Yes, I enjoy myself when I’m gardening but in a sick and twisted way. I like the mindlessness of it. I can think about that challenge at work and I can pull a weed. I can talk to plants and they don’t talk back to me. I can prune a bush and no person or their family is impacted. Luckily for people I have this outlet with plants.

In about a month, I will have a new backyard deck. The existing one is thirty years old and falling down. The challenge is that in replacing the deck, I have massive reorganizing to do with regards to the planting beds. Last weekend I spent an entire day moving rocks and bushes, and then spent the past two days rebuilding a retaining wall. Yep, that was me knee-deep in mud slugging rocks from one place to another. Last week I wrote about glamour in HR and now I write about muck. In HR, there’s both. What is the connection between HR and gardening? For one thing, these sorts of activities require a lot of planning, and thinking ahead. What should you do first? Second? What do you need to do to save a plant when you dig it out and move it?
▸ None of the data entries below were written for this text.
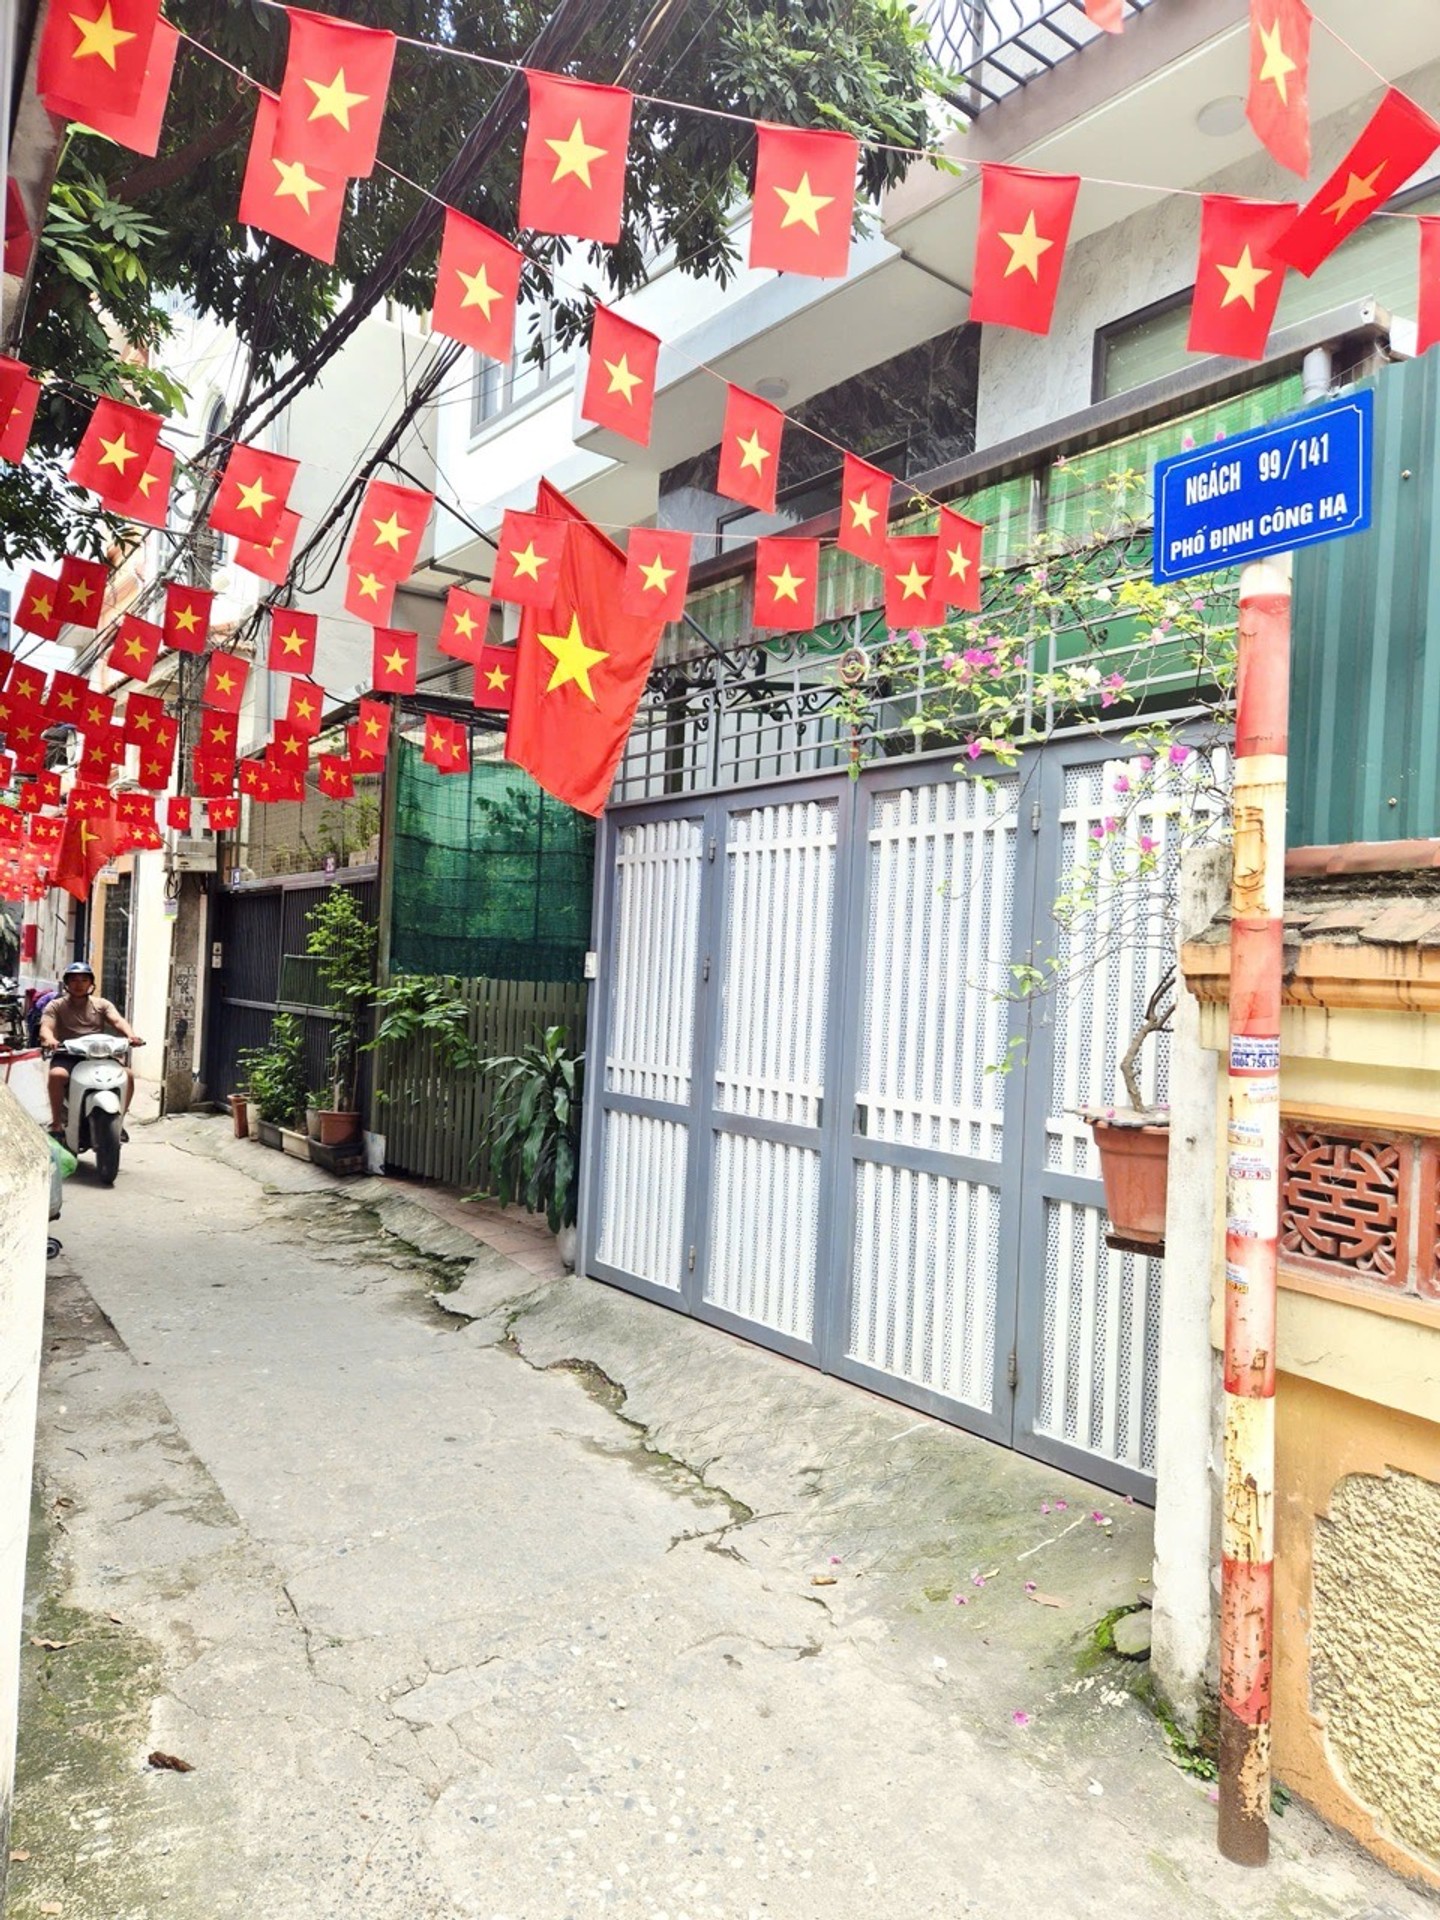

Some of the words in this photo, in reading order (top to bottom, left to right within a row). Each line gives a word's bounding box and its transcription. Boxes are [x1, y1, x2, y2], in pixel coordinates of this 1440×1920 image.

[1185, 462, 1241, 506] NGÁCH
[1258, 433, 1329, 482] 99/141
[1170, 525, 1207, 561] PHỐ
[1209, 519, 1254, 553] ĐỊNH
[1259, 506, 1314, 537] CÔNG
[1318, 493, 1348, 522] HẠ
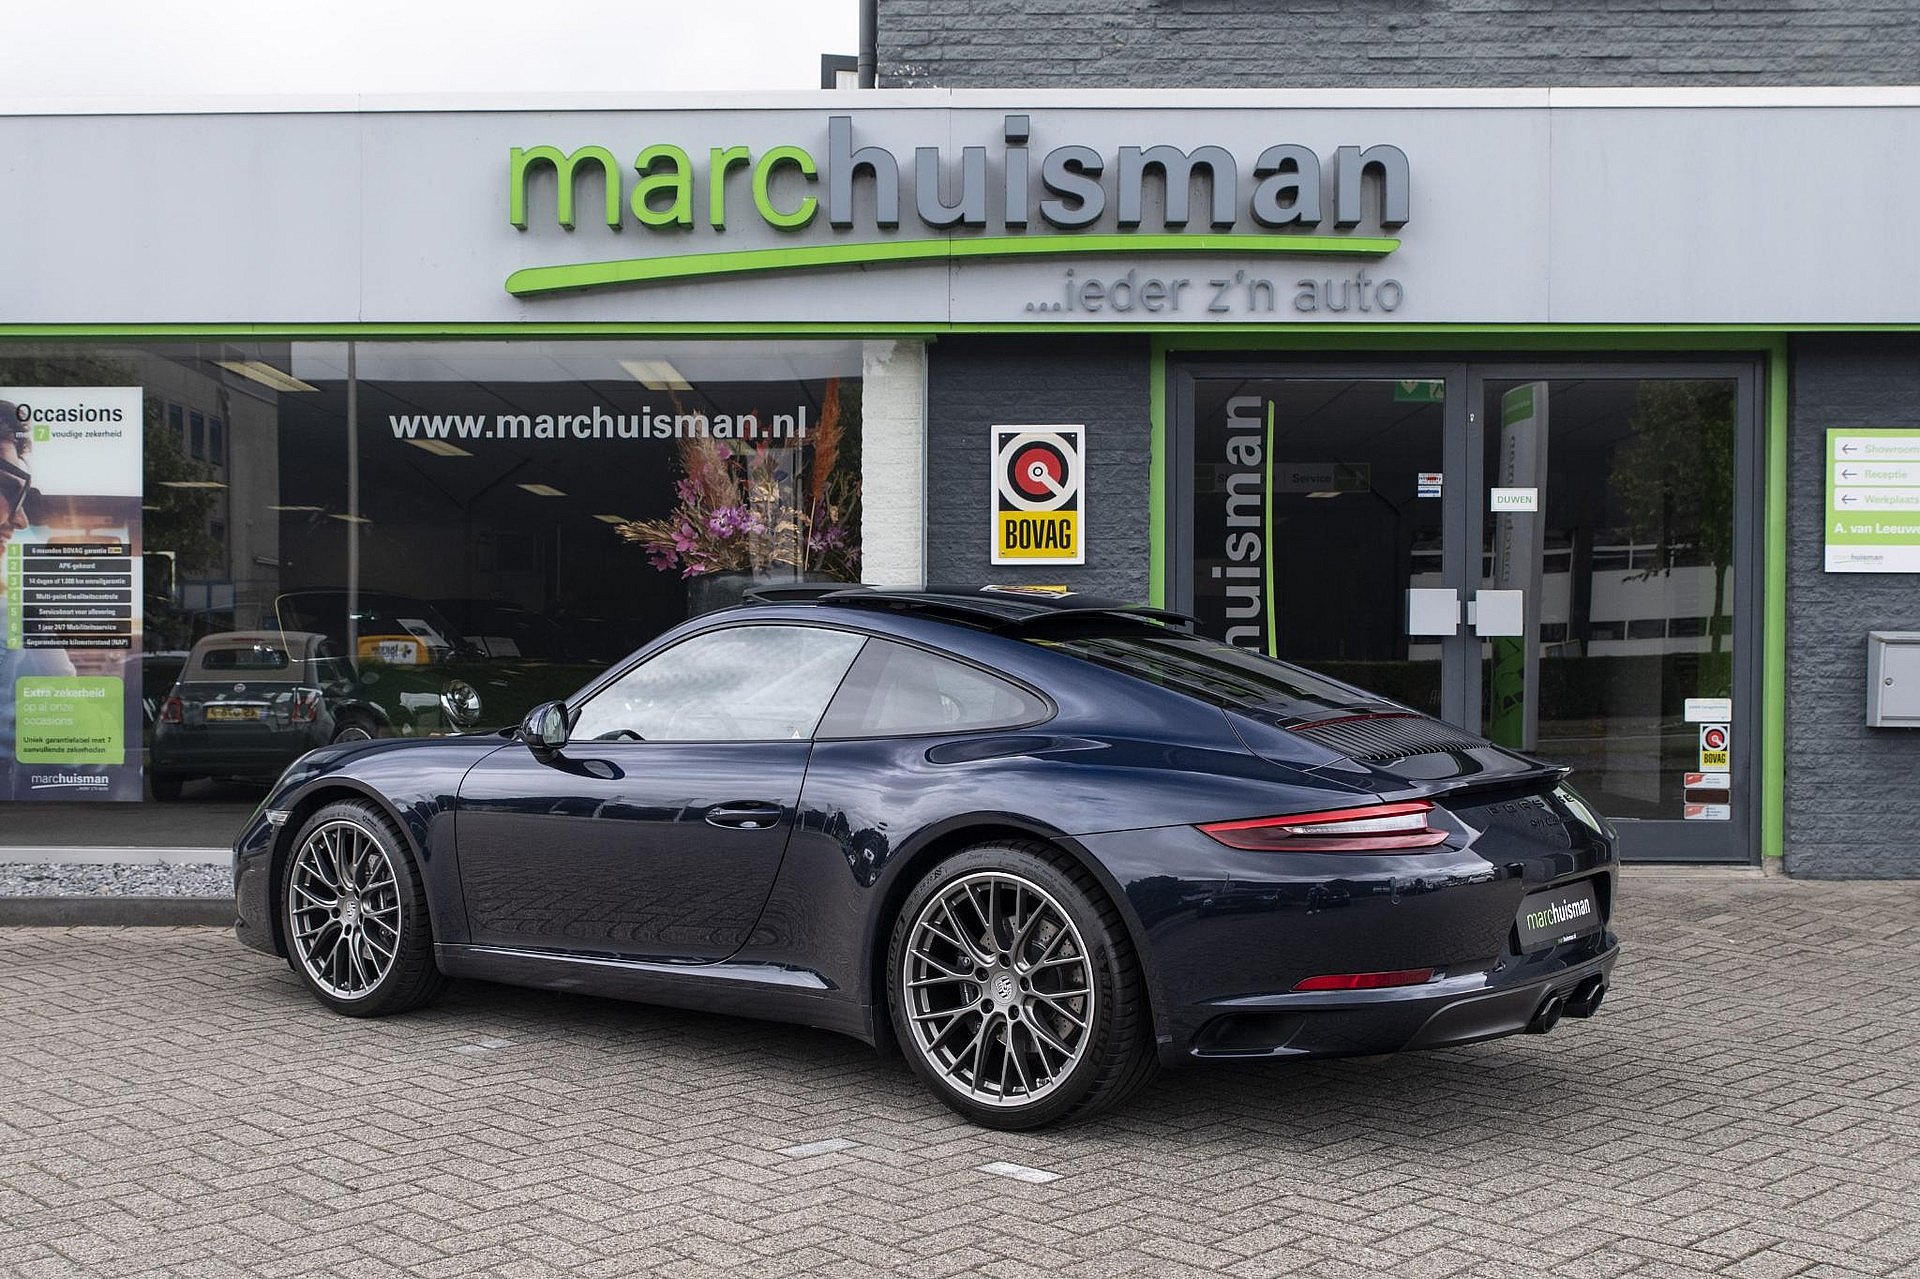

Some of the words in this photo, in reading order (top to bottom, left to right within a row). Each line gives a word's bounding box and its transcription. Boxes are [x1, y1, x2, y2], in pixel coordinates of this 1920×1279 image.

[509, 115, 1411, 232] marchuisman
[1208, 270, 1274, 313] z'n
[1296, 276, 1403, 313] auto
[16, 403, 123, 422] Occasions
[389, 406, 806, 439] www.marchuisman.nl
[51, 430, 83, 439] voudige
[84, 429, 122, 438] zekerheid
[1292, 472, 1332, 483] Service
[1864, 469, 1907, 480] Receptie
[1497, 496, 1532, 504] DUWEN
[1864, 494, 1919, 505] Werkplaats
[1005, 519, 1071, 549] BOVAG
[1835, 523, 1847, 534] A.
[1850, 525, 1872, 534] van
[1876, 523, 1920, 534] Leeuw
[23, 687, 52, 698] Extra
[53, 687, 105, 698] zekerheid
[23, 704, 37, 713] op
[49, 704, 74, 712] onze
[23, 736, 43, 744] Uniek
[45, 736, 90, 745] garantielabel
[1703, 753, 1726, 764] BOVAG
[31, 773, 109, 784] marchuisman
[1526, 897, 1591, 931] marchuisman
Will it do better in a sunnier location? Substitute people for plants and you start to see how this fits. If you’re going to make an organizational change, you want the best people to survive and the weaker links to be severed. Every person has a place and a role to play. You have to build a sustainable structure. You can test out people issues in how you plant your garden. Think about this the next time you step outside to pick a weed. Perhaps you will find yourself with a new flower bed and 10 new ideas for the office.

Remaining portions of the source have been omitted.